START GIVEN RECORDS
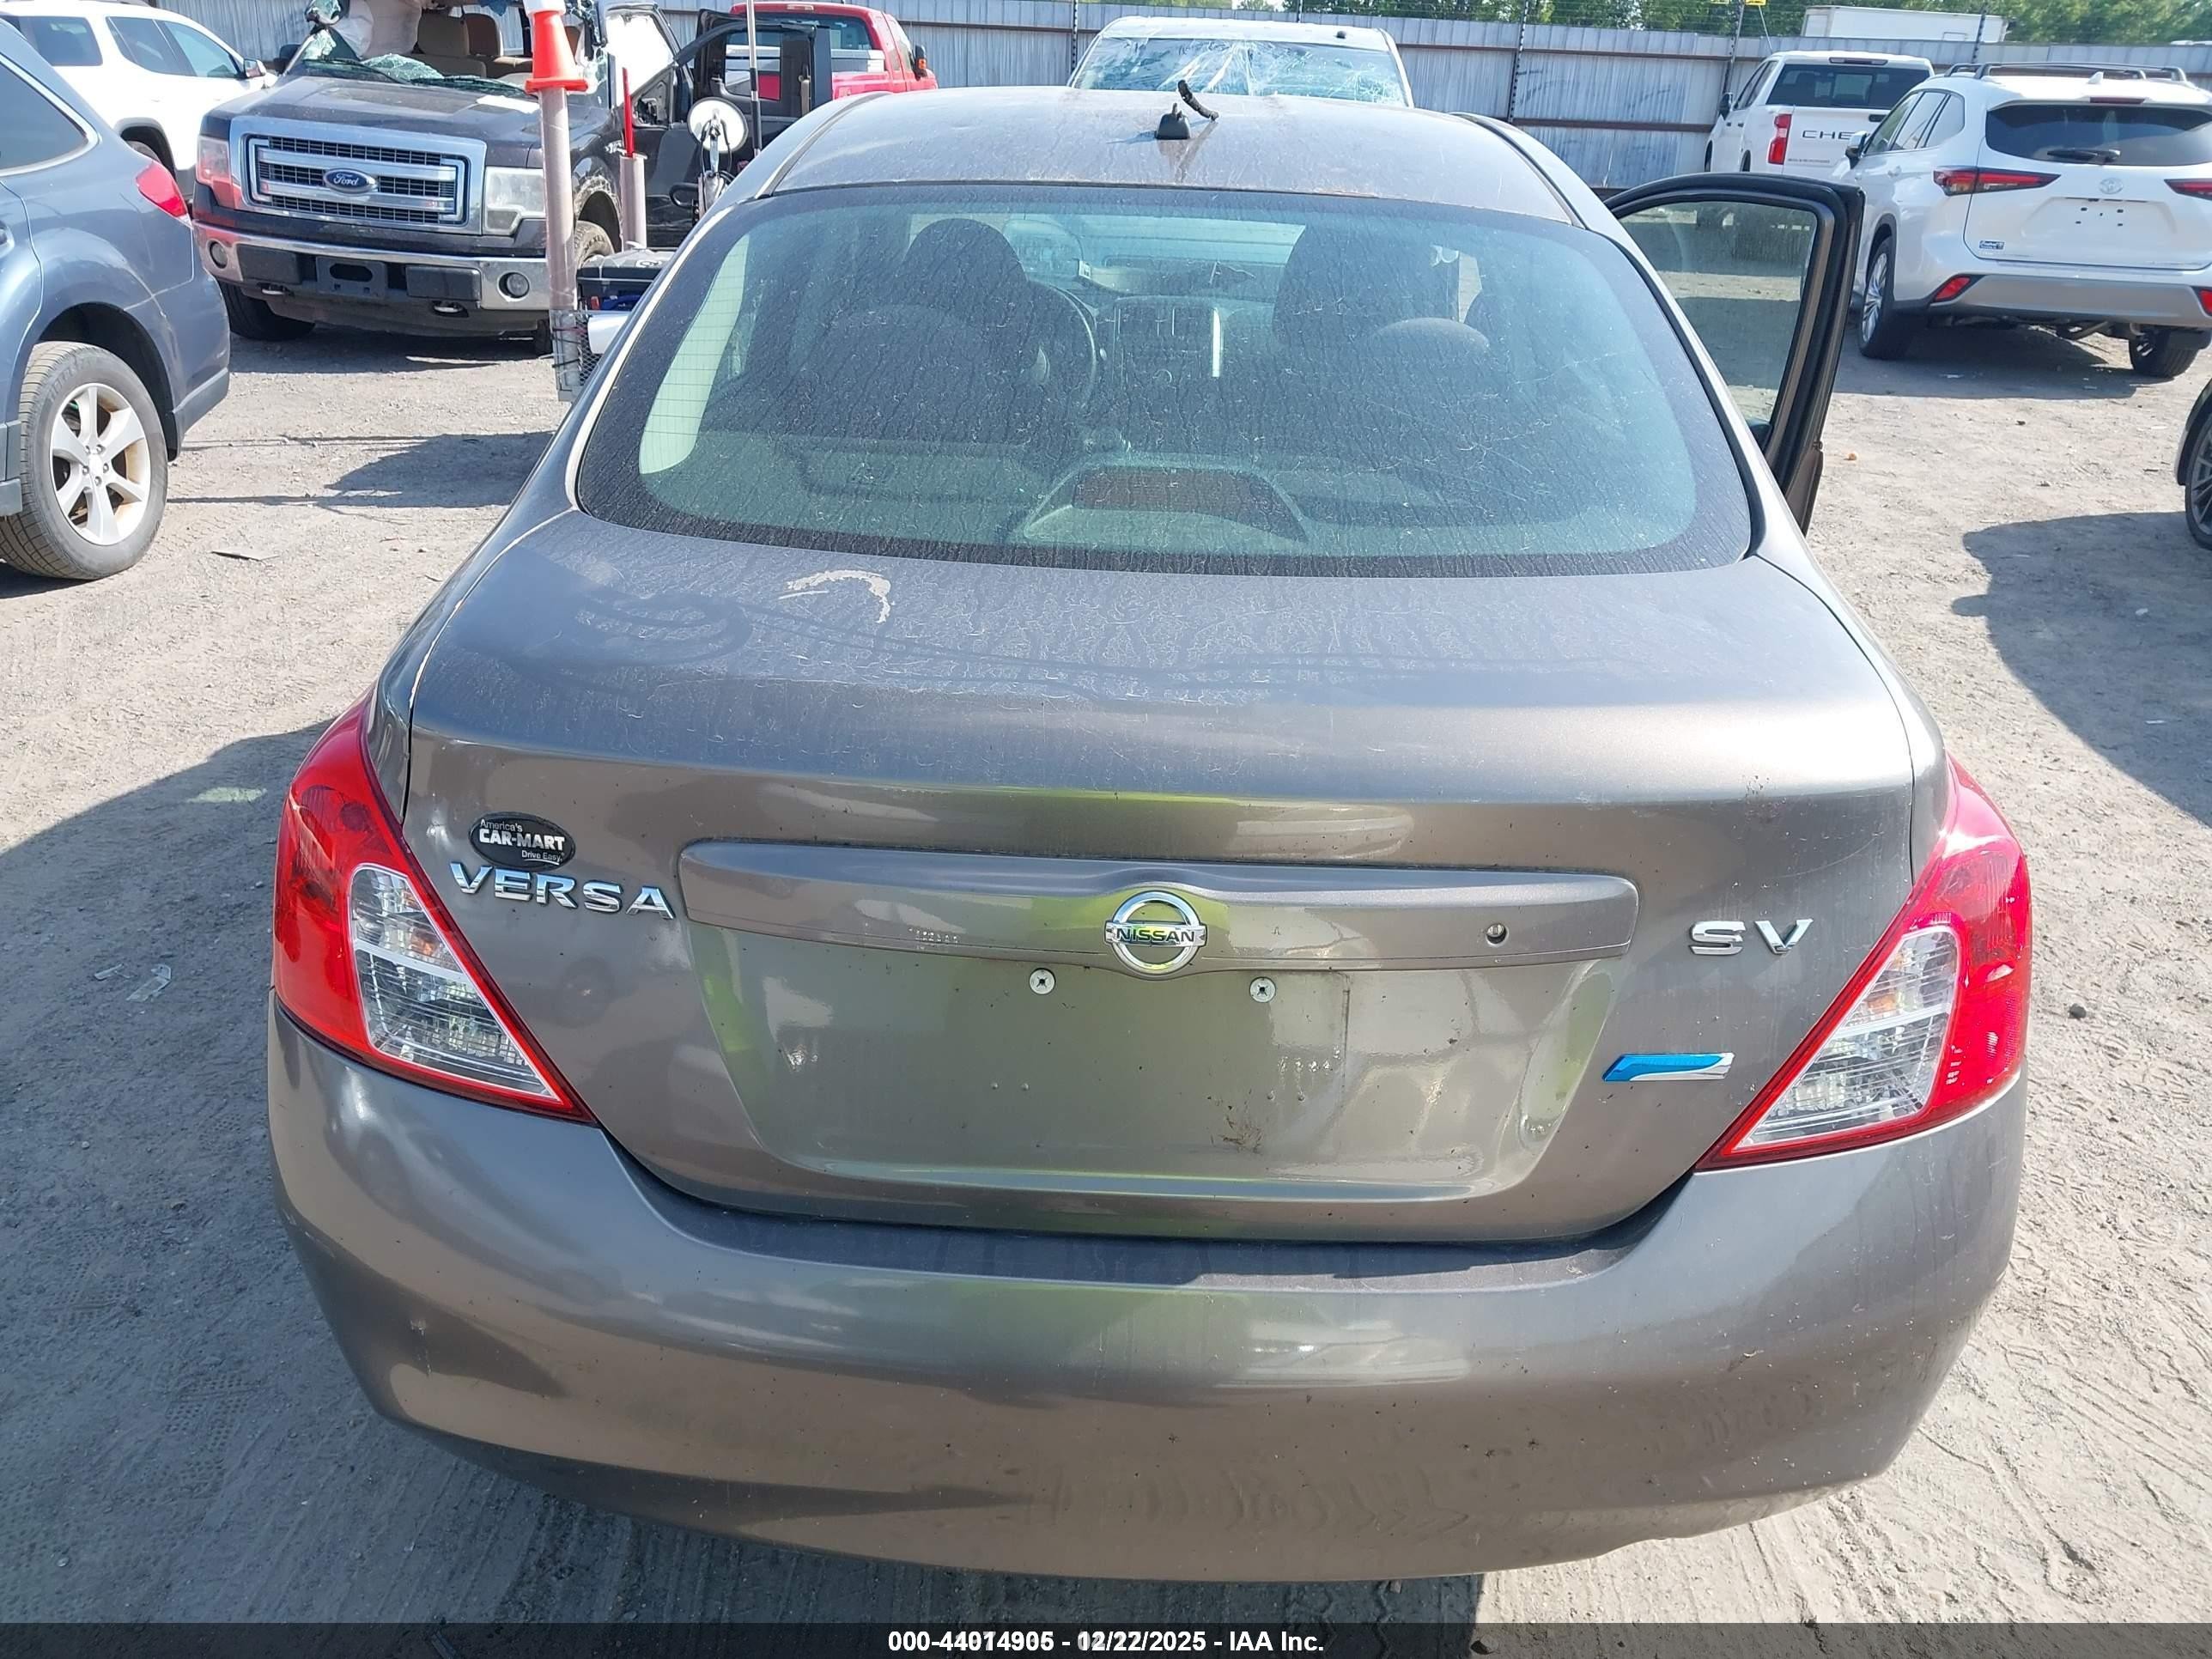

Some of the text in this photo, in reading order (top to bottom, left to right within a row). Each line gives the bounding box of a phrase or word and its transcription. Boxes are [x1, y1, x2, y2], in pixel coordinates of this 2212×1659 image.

[333, 172, 359, 186] Ford
[480, 818, 523, 832] America's
[479, 828, 565, 851] CAR-MART
[521, 850, 541, 860] Drive
[449, 861, 676, 920] VERSA
[1115, 927, 1195, 943] NISSAN
[1689, 919, 1814, 955] SV
END GIVEN RECORDS
• _TASK ITEM_
Leaving every picture out, output the data exactly as it stands.

• _REPLY TO THE EXERCISE_
Some of the text in this photo, in reading order (top to bottom, left to right within a row). Each line gives the bounding box of a phrase or word and its transcription. Boxes are [x1, y1, x2, y2], in pixel coordinates of this 2212×1659 image.

[333, 172, 359, 186] Ford
[480, 818, 523, 832] America's
[479, 828, 565, 851] CAR-MART
[521, 850, 541, 860] Drive
[449, 861, 676, 920] VERSA
[1115, 927, 1195, 943] NISSAN
[1689, 919, 1814, 955] SV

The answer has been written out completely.